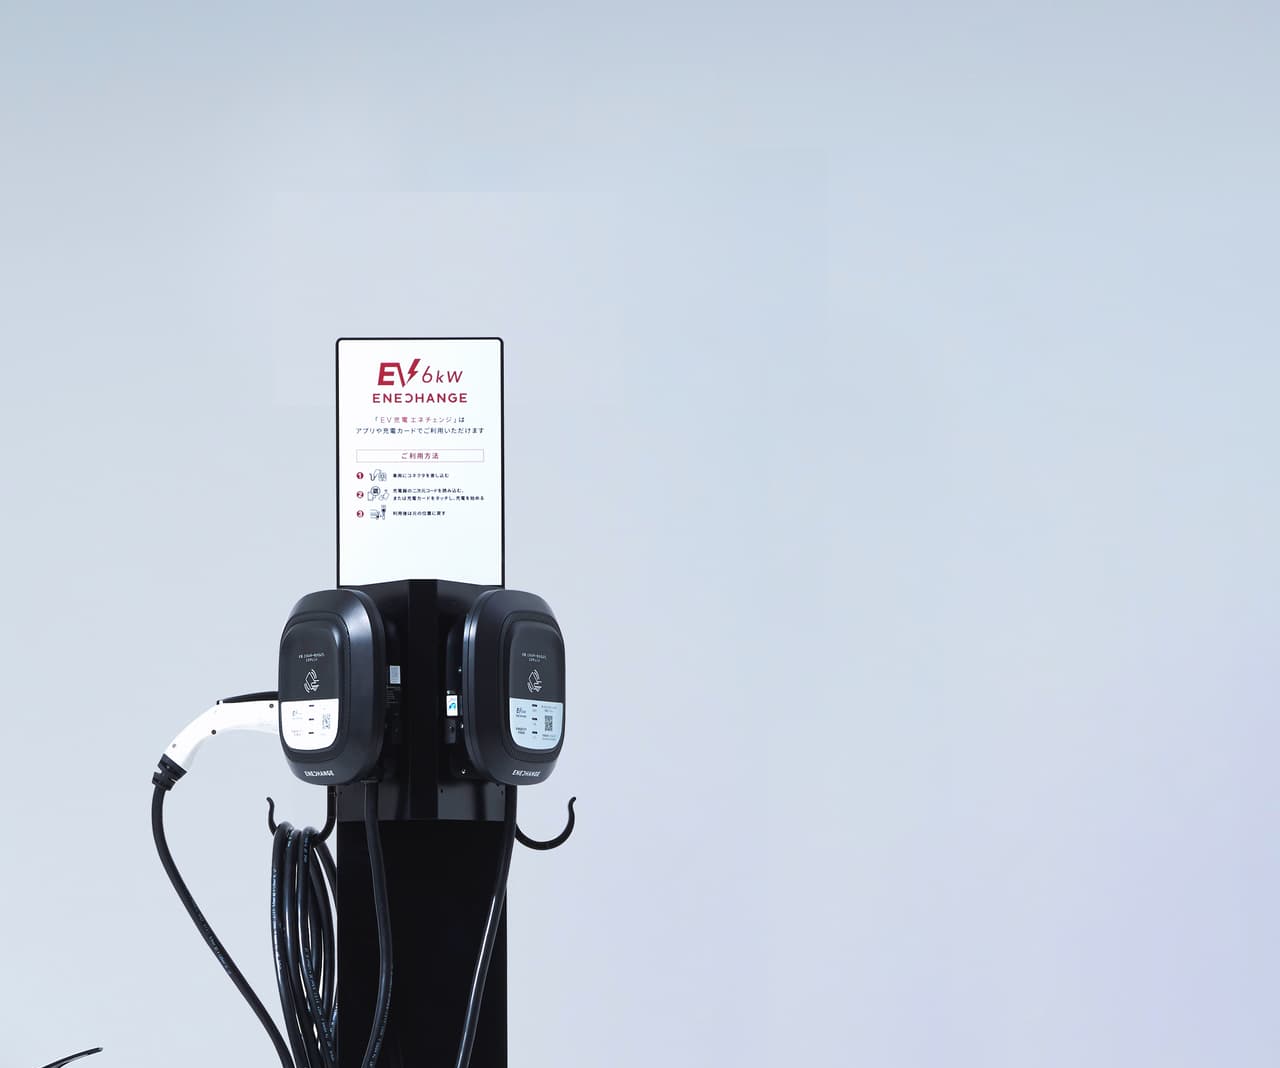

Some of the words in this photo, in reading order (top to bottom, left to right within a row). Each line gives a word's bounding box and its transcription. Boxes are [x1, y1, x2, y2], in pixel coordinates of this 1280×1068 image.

[377, 358, 421, 387] EV
[422, 365, 463, 384] 6kW
[372, 393, 467, 404] ENECHANGE
[356, 427, 485, 435] アプリや充電カードでご利用いただけます
[401, 452, 439, 460] ご利用方法
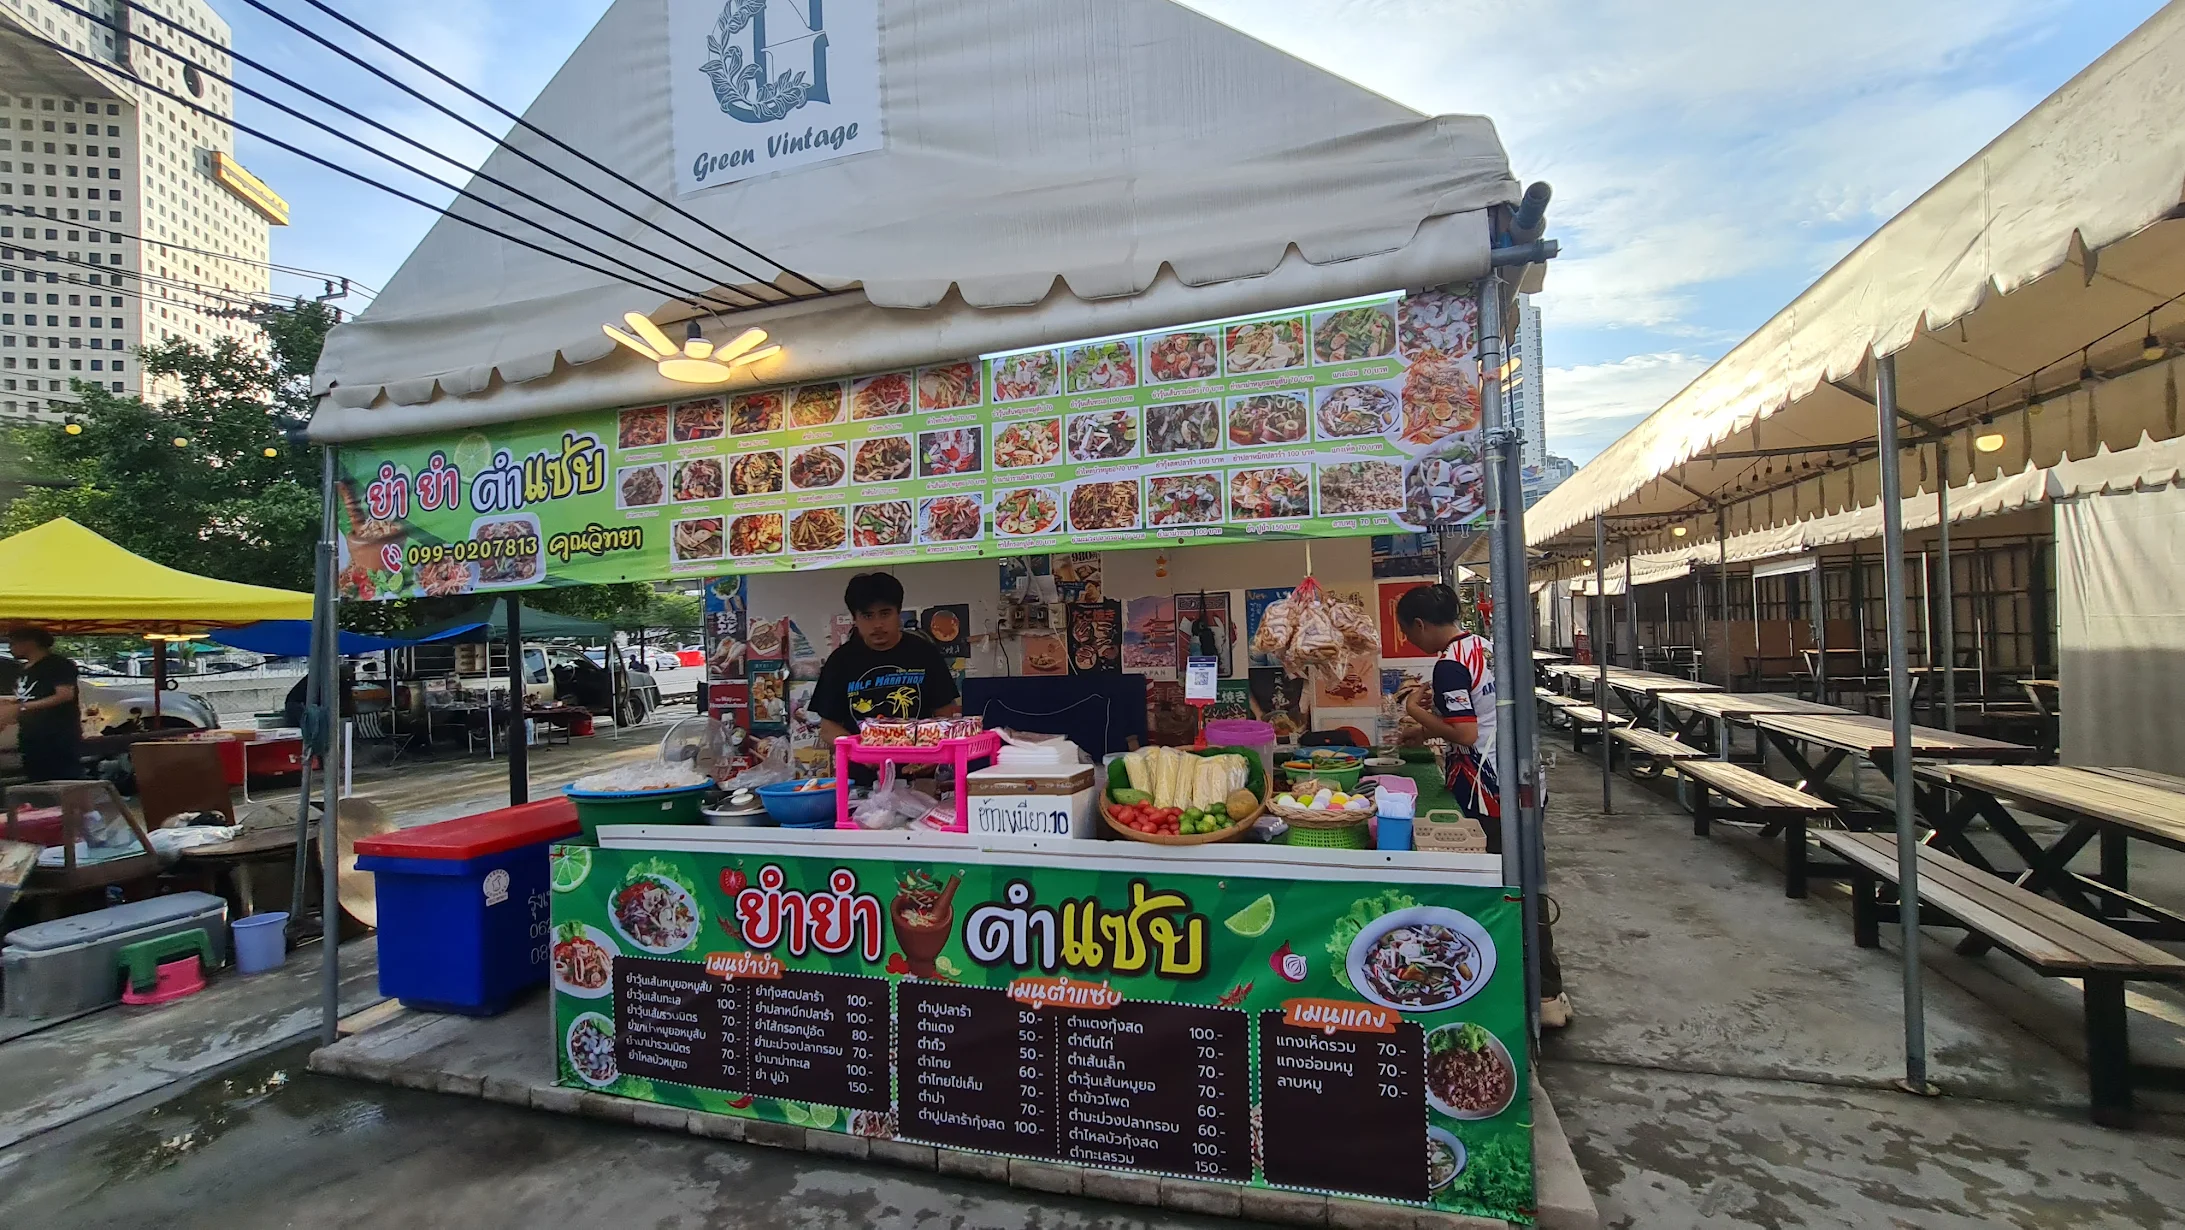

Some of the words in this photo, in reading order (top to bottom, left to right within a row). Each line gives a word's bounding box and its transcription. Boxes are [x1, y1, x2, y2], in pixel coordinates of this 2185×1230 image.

[693, 148, 755, 182] Green
[767, 122, 859, 158] Vintage
[366, 460, 408, 520] ยำ
[416, 450, 460, 512] ยำ
[407, 536, 538, 566] 099-0207813
[549, 523, 642, 563] คุณวิทยา
[847, 679, 872, 692] HALF
[736, 864, 882, 962] ยำยำ
[706, 951, 779, 981] เมนูยำยำ
[720, 983, 742, 994] 70.-
[755, 984, 824, 1003] ยำกุ้งสดปลาร้า
[846, 995, 873, 1007] 100.-
[1006, 976, 1122, 1010] เมนูตำแซ่บ
[717, 998, 742, 1010] 100.-
[755, 1001, 834, 1022] ยำปลาหมึกปลาร้า
[846, 1013, 874, 1024] 100.-
[917, 1000, 972, 1018] ตำปูปลาร้า
[1018, 1012, 1043, 1025] 50.-
[722, 1015, 742, 1027] 70.-
[754, 1018, 825, 1039] ยำไส้กรอกปูอัด
[852, 1030, 874, 1042] 80.-
[917, 1018, 955, 1034] ตำแตง
[1018, 1030, 1043, 1042] 50.-
[1067, 1015, 1144, 1035] ตำแตงกุ้งสด
[1189, 1027, 1224, 1041] 100.-
[1294, 1003, 1386, 1035] เมนูแกง
[721, 1032, 741, 1043] 70.-
[754, 1035, 843, 1056] ยำมะม่วงปลากรอบ
[852, 1047, 873, 1059] 70.-
[1067, 1032, 1114, 1051] ตำตีนไก่
[1197, 1046, 1224, 1060] 70.-
[1276, 1035, 1356, 1054] แกงเห็ดรวม
[1376, 1042, 1407, 1057] 70.-
[721, 1049, 741, 1060] 70.-
[754, 1052, 811, 1070] ยำมาม่าทะเล
[846, 1064, 873, 1077] 100.-
[917, 1054, 951, 1069] ตำไทย
[1018, 1066, 1044, 1079] 60.-
[1019, 1048, 1044, 1060] 50.-
[1067, 1051, 1126, 1071] ตำเส้นเล็ก
[1197, 1065, 1225, 1079] 70.-
[1276, 1055, 1354, 1077] แกงอ่อมหมู
[1377, 1063, 1408, 1078] 70.-
[722, 1065, 742, 1076] 70.-
[755, 1068, 766, 1080] ยำ
[848, 1081, 874, 1094] 150.-
[918, 1071, 983, 1091] ตำไทยไข่เค็ม
[1019, 1084, 1044, 1098] 70.-
[1067, 1070, 1156, 1095] ตำวุ้นเส้นหมูยอ
[1198, 1085, 1225, 1099] 70.-
[1277, 1076, 1323, 1094] ลาบหมู
[1378, 1083, 1408, 1098] 70.-
[1020, 1103, 1045, 1116] 70.-
[1068, 1089, 1130, 1108] ตำข้าวโพด
[1197, 1105, 1225, 1119] 60.-
[918, 1107, 1006, 1131] ตำปูปลาร้ากุ้งสด
[1014, 1121, 1045, 1135] 100.-
[1068, 1107, 1180, 1134] ตำมะม่วงปลากรอบ
[1198, 1124, 1226, 1138] 60.-
[1068, 1126, 1159, 1150] ตำไหลบัวกุ้งสด
[1192, 1142, 1227, 1157] 100.-
[1069, 1145, 1135, 1165] ตำทะเลรวม
[1194, 1161, 1228, 1174] 150.-

* * *

### Your task
From the entries, copy out each line containing the word "ยำยำ".

### Exercise output
[736, 864, 882, 962] ยำยำ
[706, 951, 779, 981] เมนูยำยำ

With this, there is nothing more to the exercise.